## EXERCISE DETAILS
An exact reproduction of the records is required. Images must be left out.

*** EXTRACTED INFORMATION Section Begins ***

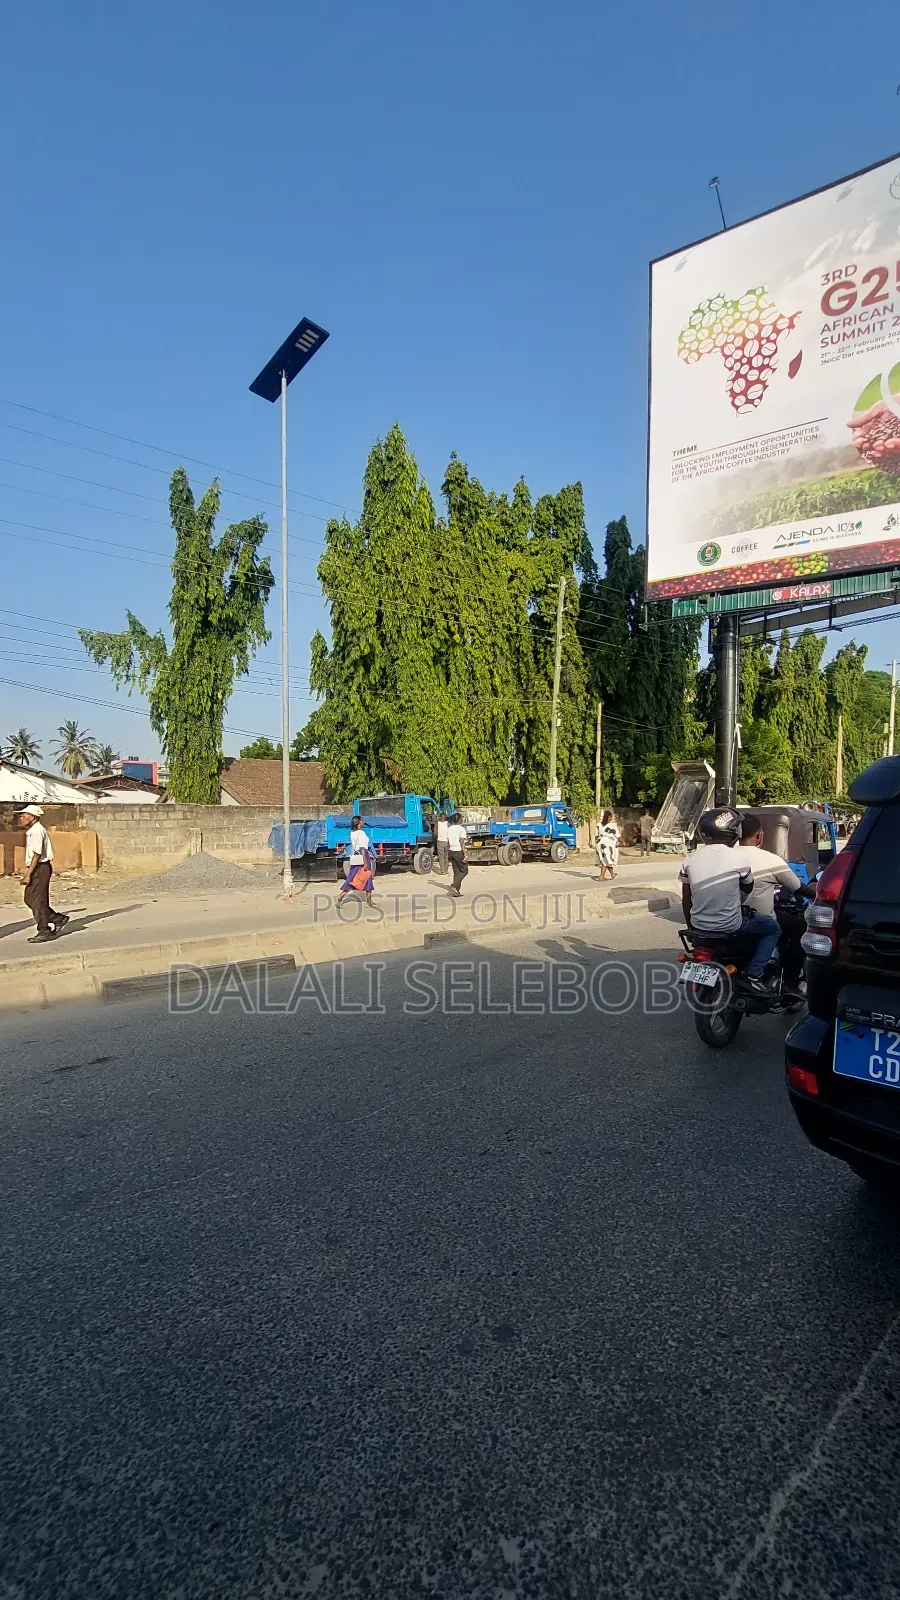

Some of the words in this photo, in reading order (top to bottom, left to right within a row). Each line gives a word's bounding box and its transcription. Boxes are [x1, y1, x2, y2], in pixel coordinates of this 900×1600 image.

[821, 264, 857, 286] 3RD
[821, 260, 900, 316] G2
[820, 303, 894, 335] AFRICAN
[820, 319, 887, 348] SUMMIT
[853, 335, 886, 349] February
[842, 351, 855, 360] Dar
[672, 455, 711, 470] UNLOCKING
[711, 441, 759, 460] EMPLOYMENT
[760, 426, 820, 446] OPPORTUNITIES
[672, 444, 698, 457] THEME
[672, 469, 684, 477] FOR
[686, 465, 698, 473] THE
[700, 457, 723, 468] YOUTH
[724, 448, 759, 463] THROUGH
[760, 433, 818, 453] REGENERATION
[681, 472, 694, 481] THE
[695, 465, 725, 478] AFRICAN
[726, 457, 753, 469] COFFEE
[754, 447, 791, 462] INDUSTRY
[732, 542, 758, 554] COFFEE
[776, 525, 835, 543] AJENDA
[790, 584, 832, 599] KALAX
[871, 1028, 900, 1056] T2
[868, 1054, 900, 1083] CD

*** EXTRACTED INFORMATION Section Ends ***

## RESPONSE BELOW
Some of the words in this photo, in reading order (top to bottom, left to right within a row). Each line gives a word's bounding box and its transcription. Boxes are [x1, y1, x2, y2], in pixel coordinates of this 900×1600 image.

[821, 264, 857, 286] 3RD
[821, 260, 900, 316] G2
[820, 303, 894, 335] AFRICAN
[820, 319, 887, 348] SUMMIT
[853, 335, 886, 349] February
[842, 351, 855, 360] Dar
[672, 455, 711, 470] UNLOCKING
[711, 441, 759, 460] EMPLOYMENT
[760, 426, 820, 446] OPPORTUNITIES
[672, 444, 698, 457] THEME
[672, 469, 684, 477] FOR
[686, 465, 698, 473] THE
[700, 457, 723, 468] YOUTH
[724, 448, 759, 463] THROUGH
[760, 433, 818, 453] REGENERATION
[681, 472, 694, 481] THE
[695, 465, 725, 478] AFRICAN
[726, 457, 753, 469] COFFEE
[754, 447, 791, 462] INDUSTRY
[732, 542, 758, 554] COFFEE
[776, 525, 835, 543] AJENDA
[790, 584, 832, 599] KALAX
[871, 1028, 900, 1056] T2
[868, 1054, 900, 1083] CD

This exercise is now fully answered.